Many of the risks inherent in originating mortgages have been studied. The risk of default (the risk that the homeowner does not make their payments), for example is the basis of most underwriting guidelines and a major component of mortgage pricing. Secondary market risk, the risk that mortgage rates change between when the rate is locked and when the mortgage is sold on the bond markets, is also widely studied. There are many tools available to help mortgage lenders deal with default and secondary risks.
This analysis aims to measure a different, less studied risk in mortgage origination, the risk that a given mortgage application will fund and become a mortgage, also known as pull-through risk.

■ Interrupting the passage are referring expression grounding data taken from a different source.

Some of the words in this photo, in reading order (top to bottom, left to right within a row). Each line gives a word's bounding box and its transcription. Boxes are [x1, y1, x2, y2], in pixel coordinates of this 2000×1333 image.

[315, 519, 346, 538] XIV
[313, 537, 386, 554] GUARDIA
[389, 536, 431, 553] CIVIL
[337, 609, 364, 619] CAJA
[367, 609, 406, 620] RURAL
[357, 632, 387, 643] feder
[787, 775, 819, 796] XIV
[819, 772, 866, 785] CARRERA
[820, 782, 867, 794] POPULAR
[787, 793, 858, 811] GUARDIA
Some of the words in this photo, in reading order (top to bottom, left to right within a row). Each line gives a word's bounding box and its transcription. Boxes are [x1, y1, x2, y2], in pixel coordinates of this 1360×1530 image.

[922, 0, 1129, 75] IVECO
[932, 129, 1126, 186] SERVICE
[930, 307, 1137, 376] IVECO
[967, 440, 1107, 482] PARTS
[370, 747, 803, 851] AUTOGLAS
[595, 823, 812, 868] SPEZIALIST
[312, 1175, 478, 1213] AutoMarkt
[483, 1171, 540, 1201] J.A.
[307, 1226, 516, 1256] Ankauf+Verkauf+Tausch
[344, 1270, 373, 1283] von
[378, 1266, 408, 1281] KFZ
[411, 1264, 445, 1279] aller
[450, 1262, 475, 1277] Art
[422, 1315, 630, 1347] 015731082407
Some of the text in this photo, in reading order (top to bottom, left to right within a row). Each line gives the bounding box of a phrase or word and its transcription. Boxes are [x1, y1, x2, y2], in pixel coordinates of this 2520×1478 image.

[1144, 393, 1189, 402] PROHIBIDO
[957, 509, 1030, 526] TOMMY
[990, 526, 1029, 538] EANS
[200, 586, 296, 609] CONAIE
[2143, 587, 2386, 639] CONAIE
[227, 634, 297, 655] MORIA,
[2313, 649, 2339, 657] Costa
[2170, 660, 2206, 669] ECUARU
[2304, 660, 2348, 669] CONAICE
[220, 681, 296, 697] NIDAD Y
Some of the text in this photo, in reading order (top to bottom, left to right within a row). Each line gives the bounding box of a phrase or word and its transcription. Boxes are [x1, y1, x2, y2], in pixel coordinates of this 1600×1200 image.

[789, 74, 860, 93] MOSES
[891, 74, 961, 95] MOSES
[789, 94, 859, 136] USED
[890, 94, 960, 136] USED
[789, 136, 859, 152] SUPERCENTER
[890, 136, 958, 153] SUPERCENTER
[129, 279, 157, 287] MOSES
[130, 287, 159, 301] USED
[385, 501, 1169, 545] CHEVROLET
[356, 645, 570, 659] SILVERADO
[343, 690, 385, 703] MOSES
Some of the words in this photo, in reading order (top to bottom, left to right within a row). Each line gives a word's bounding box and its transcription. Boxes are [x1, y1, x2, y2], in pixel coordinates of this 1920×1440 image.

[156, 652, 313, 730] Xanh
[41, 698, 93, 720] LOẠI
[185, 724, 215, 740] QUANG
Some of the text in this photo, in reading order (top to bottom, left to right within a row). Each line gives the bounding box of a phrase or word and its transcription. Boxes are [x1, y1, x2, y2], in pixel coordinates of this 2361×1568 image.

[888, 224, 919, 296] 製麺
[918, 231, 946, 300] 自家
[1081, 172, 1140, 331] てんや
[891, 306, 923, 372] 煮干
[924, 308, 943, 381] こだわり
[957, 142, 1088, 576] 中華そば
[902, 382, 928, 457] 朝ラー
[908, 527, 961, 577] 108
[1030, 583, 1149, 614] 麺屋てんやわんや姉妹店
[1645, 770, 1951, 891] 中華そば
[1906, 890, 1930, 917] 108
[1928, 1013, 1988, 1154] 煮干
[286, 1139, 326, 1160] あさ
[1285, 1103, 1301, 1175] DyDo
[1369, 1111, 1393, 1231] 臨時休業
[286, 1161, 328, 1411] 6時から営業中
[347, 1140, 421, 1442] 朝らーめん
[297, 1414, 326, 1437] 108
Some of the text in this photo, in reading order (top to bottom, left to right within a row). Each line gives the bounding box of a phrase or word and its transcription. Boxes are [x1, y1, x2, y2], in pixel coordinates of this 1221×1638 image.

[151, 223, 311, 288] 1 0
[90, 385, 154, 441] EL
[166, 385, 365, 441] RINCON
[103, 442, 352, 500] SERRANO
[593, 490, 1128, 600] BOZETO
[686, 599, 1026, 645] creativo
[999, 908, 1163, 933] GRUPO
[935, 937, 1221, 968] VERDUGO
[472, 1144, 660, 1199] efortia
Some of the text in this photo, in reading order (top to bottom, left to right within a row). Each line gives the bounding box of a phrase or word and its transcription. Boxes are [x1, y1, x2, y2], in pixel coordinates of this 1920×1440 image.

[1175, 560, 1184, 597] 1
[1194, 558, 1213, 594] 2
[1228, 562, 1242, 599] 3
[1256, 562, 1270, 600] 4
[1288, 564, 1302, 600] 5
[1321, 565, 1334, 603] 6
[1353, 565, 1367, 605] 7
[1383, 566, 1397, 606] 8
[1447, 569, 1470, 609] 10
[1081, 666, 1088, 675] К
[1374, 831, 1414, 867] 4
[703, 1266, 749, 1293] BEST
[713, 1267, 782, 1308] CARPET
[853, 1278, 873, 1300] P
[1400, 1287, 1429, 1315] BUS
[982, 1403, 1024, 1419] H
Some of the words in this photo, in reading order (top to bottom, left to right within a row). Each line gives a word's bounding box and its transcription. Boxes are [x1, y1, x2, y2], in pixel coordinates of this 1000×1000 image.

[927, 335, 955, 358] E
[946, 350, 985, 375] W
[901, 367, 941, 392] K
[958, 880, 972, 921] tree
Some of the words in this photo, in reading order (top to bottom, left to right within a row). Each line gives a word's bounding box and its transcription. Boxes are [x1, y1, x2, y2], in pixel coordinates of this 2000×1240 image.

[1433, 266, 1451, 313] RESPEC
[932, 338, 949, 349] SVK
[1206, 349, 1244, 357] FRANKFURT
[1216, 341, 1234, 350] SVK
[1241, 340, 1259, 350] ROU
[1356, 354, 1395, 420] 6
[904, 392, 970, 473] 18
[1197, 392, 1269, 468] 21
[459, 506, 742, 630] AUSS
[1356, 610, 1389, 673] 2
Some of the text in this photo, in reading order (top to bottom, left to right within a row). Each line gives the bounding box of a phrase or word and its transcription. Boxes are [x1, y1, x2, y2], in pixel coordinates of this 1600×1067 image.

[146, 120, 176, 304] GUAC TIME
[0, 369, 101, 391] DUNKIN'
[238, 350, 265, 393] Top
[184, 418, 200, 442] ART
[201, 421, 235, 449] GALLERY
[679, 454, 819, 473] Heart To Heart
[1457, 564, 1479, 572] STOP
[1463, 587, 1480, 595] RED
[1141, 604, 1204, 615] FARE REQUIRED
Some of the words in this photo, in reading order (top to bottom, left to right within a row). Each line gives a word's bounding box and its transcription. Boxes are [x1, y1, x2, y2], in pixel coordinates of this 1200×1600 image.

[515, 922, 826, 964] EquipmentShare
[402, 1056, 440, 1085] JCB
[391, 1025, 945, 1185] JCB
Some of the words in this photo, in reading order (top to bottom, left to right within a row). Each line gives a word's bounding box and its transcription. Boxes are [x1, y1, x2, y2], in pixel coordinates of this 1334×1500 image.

Knowing which loans are likely to fund may help lenders mitigate the costs associated with processing mortgage applications that do not fund, either by adapting their guidelines to filter out mortgage applications that are not likely to fund early on, or by offering less attractive pricing for mortgages not likely to fund to dissuade mortgage brokers from bringing these applications to them in the first place.
Logistic Regression was used to study the causes that most effect whether a loan funds. Binary Decision Trees and Logistic Regression were used to classify/predict loan applications as will fund or will not fund. Further, a time-to-event analysis was conducted to model the cumulative incidence functions of the various loan application outcomes, and the cause-specific hazards associated with each of them.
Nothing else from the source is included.